Plusieurs parlementaires marocains se retrouvent aujourd’hui au cœur d’une affaire embarrassante mêlant justice, vie privée et responsabilité publique. Selon le quotidien Assabah, qui en fait part dans son édition du week-end des 3 et 4 janvier, «les indemnités mensuelles de cinq députés ont fait l’objet de saisies judiciaires à la suite de décisions de justice, principalement en raison du non-paiement de pensions alimentaires au profit de leurs enfants, mais aussi dans le cadre d’autres dossiers pendants devant les tribunaux».
Craignant le scandale et l’atteinte à leur image au sein de l’institution législative, l’un des parlementaires concernés, originaire de la région de Rabat-Salé-Kénitra, aurait sollicité discrètement un cadre de l’administration du Parlement chargé des affaires financières. «Il lui aurait demandé de ne pas divulguer les détails de la saisie opérée sur ses indemnités, liée à son refus de verser la pension alimentaire à son ex-épouse, qui serait par ailleurs une parente. L’élu redoutait de devenir la risée de ses collègues au sein de son groupe parlementaire», affirme Assabah.
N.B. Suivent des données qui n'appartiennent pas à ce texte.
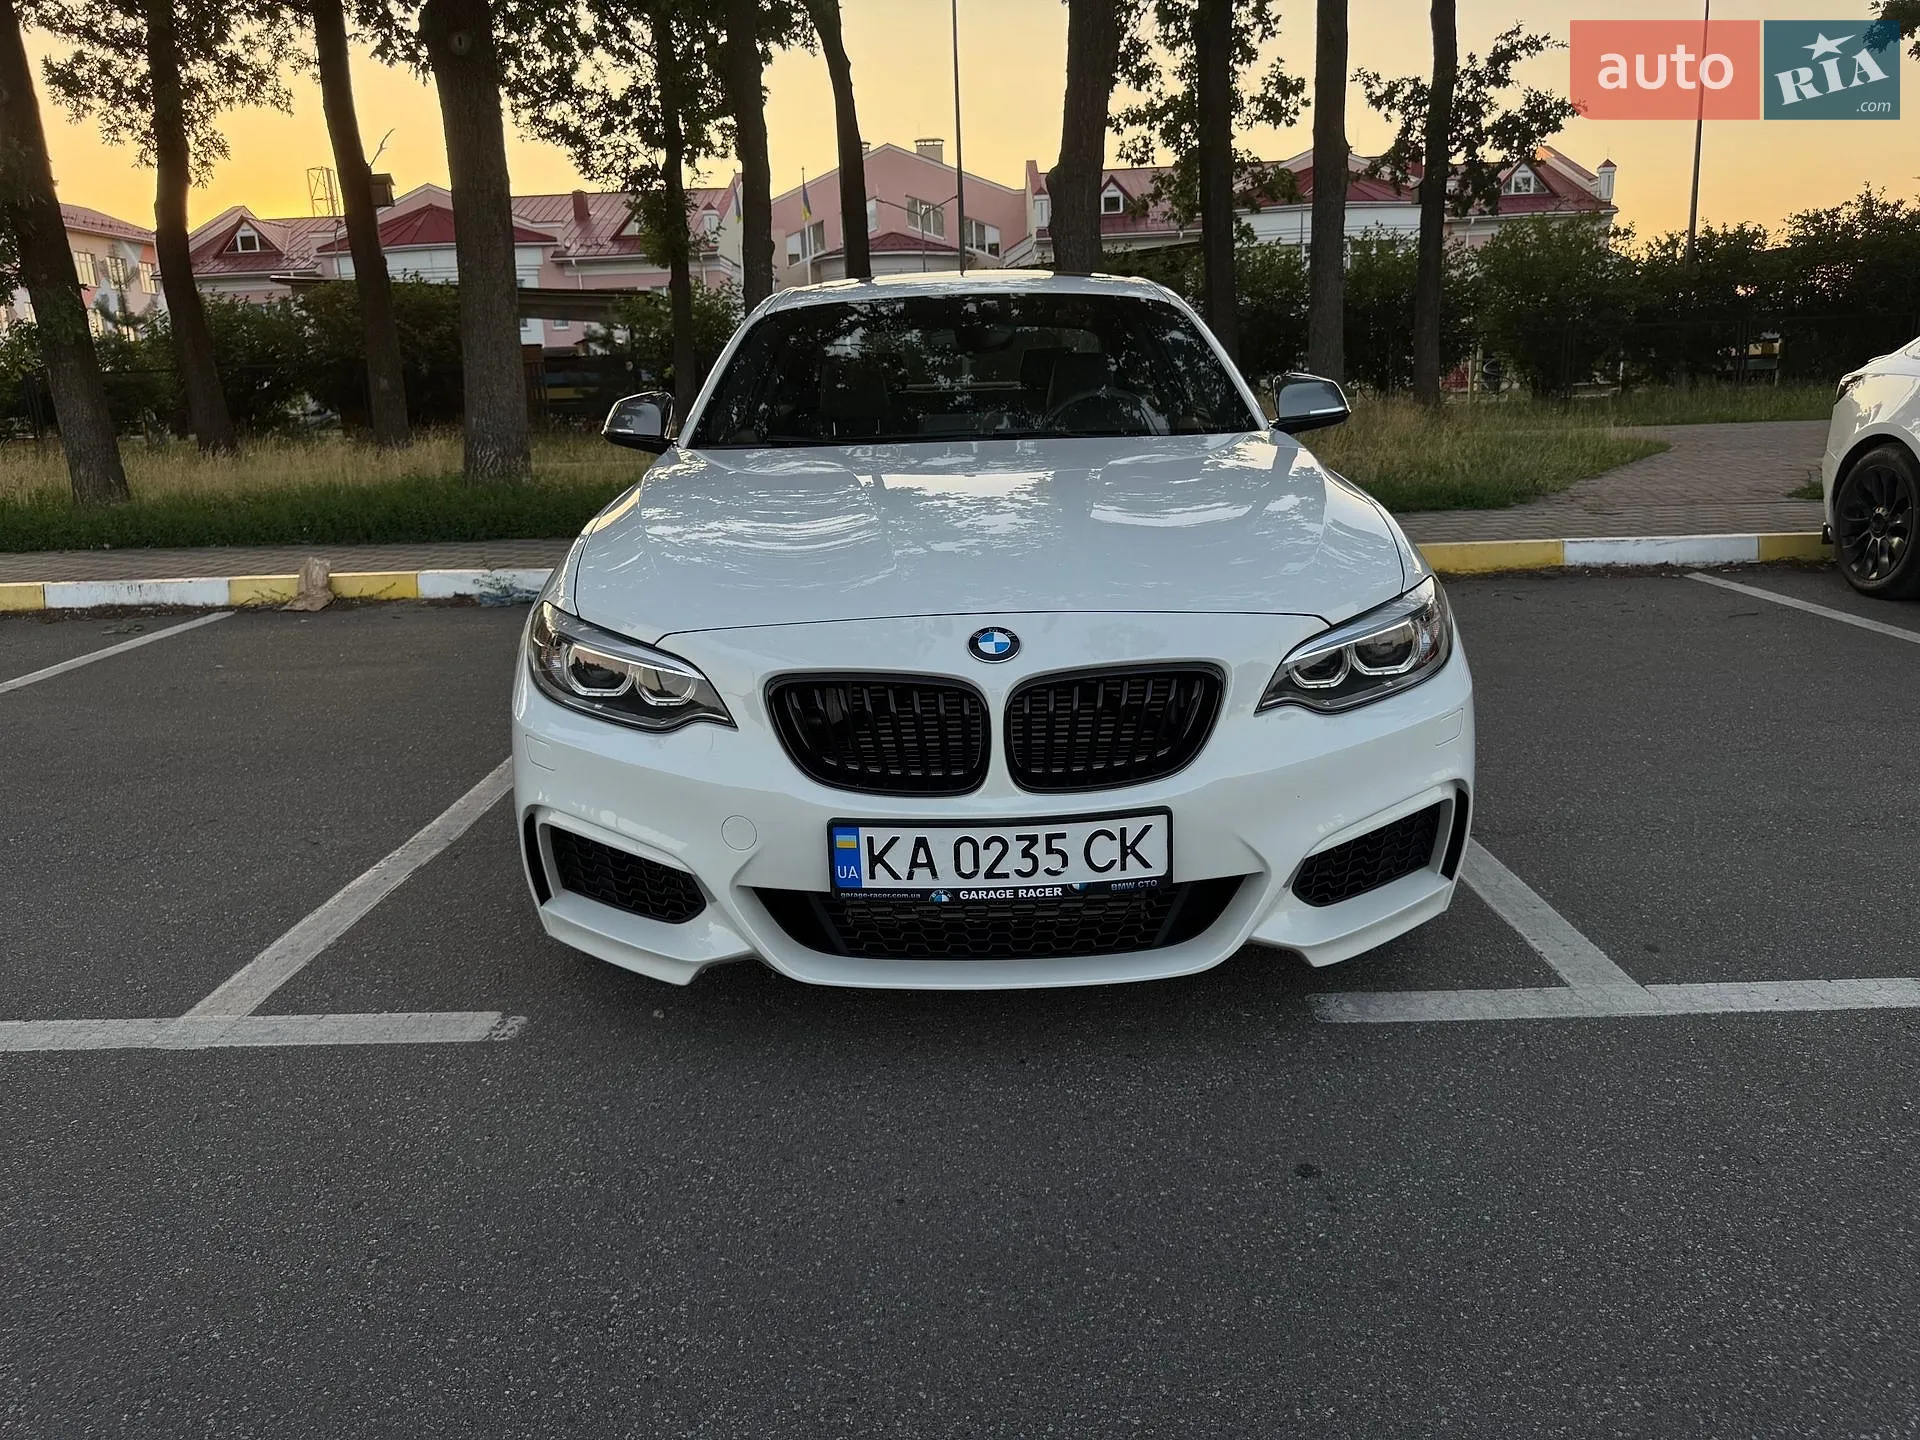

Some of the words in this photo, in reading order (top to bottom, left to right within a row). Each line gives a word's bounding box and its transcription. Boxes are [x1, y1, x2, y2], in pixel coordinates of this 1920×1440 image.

Ce cas est loin d’être isolé. D’autres députés ont vu leurs indemnités soumises au même type de mesures coercitives pour non-respect de leurs obligations familiales. Une situation qui soulève de sérieuses interrogations sur le comportement de certains représentants de la nation, dont les agissements portent atteinte non seulement à leur crédibilité personnelle, mais également à l’image des partis politiques qu’ils représentent au sein de l’institution législative.
Des ex-épouses de parlementaires, connus pour leurs interventions régulières sous la coupole du Parlement, ont ainsi saisi la justice après avoir constaté l’abandon et la négligence de leurs enfants. Un paradoxe d’autant plus choquant que ces élus sont précisément chargés de légiférer et de défendre les lois, tout en manquant à l’une des obligations les plus élémentaires envers leurs propres familles, à savoir subvenir aux besoins de leurs enfants.
Malgré un arsenal juridique visant à encadrer strictement la question de la pension alimentaire et à sanctionner les débiteurs défaillants, de nombreux députés ont réussi, pendant un certain temps, à se soustraire à leurs obligations. Ce n’est qu’après l’intervention de la justice que leurs ex-épouses ont pu obtenir la saisie directe de leurs indemnités parlementaires. Les montants dus varient considérablement selon les cas : l’un des parlementaires, considéré comme l’un des plus fortunés de l’institution, aurait accumulé des arriérés atteignant 200.000 dirhams.
«L’avenir s’annonce toutefois plus contraignant pour les parlementaires qui continuent à se soustraire au paiement de la pension alimentaire malgré des jugements exécutoires», souligne Assabah. Ils devront soit se conformer strictement à la loi et s’acquitter des sommes dues, soit s’exposer à des poursuites plus sévères, d’autant plus que le ministère de la Justice envisage la mise en place d’une plateforme spécifique destinée à recenser et à suivre les personnes se dérobant au paiement de la pension alimentaire.
Il convient de rappeler que plusieurs députés ont échappé de justesse à des peines de prison prévues par le Code pénal en cas d’abandon de famille. L’article 479 punit d’une peine d’emprisonnement allant d’un mois à un an, assortie d’une amende, tout père ou mère qui quitte le domicile conjugal sans motif légitime pendant plus de deux mois et se soustrait, en tout ou en partie, à ses obligations morales et matérielles découlant de l’autorité parentale, de la tutelle ou de la garde. Ce délai de deux mois n’est interrompu que par un retour effectif au foyer familial traduisant une volonté réelle et définitive de reprise de la vie conjugale.
De son côté, l’article 480 prévoit des sanctions à l’encontre de toute personne faisant l’objet d’un jugement définitif ou exécutoire à titre provisoire l’obligeant à verser une pension alimentaire à son conjoint, à l’un de ses ascendants ou descendants, et qui s’abstient volontairement de la payer dans les délais fixés. En cas de récidive, la peine d’emprisonnement devient obligatoire. La pension fixée par le juge doit être versée au lieu de résidence du bénéficiaire, sauf disposition contraire du jugement.
Cette affaire met une nouvelle fois en lumière le décalage préoccupant entre le discours public de certains élus et leurs pratiques privées, posant la question de l’exemplarité et de la responsabilité morale de ceux qui prétendent incarner la loi et l’intérêt général.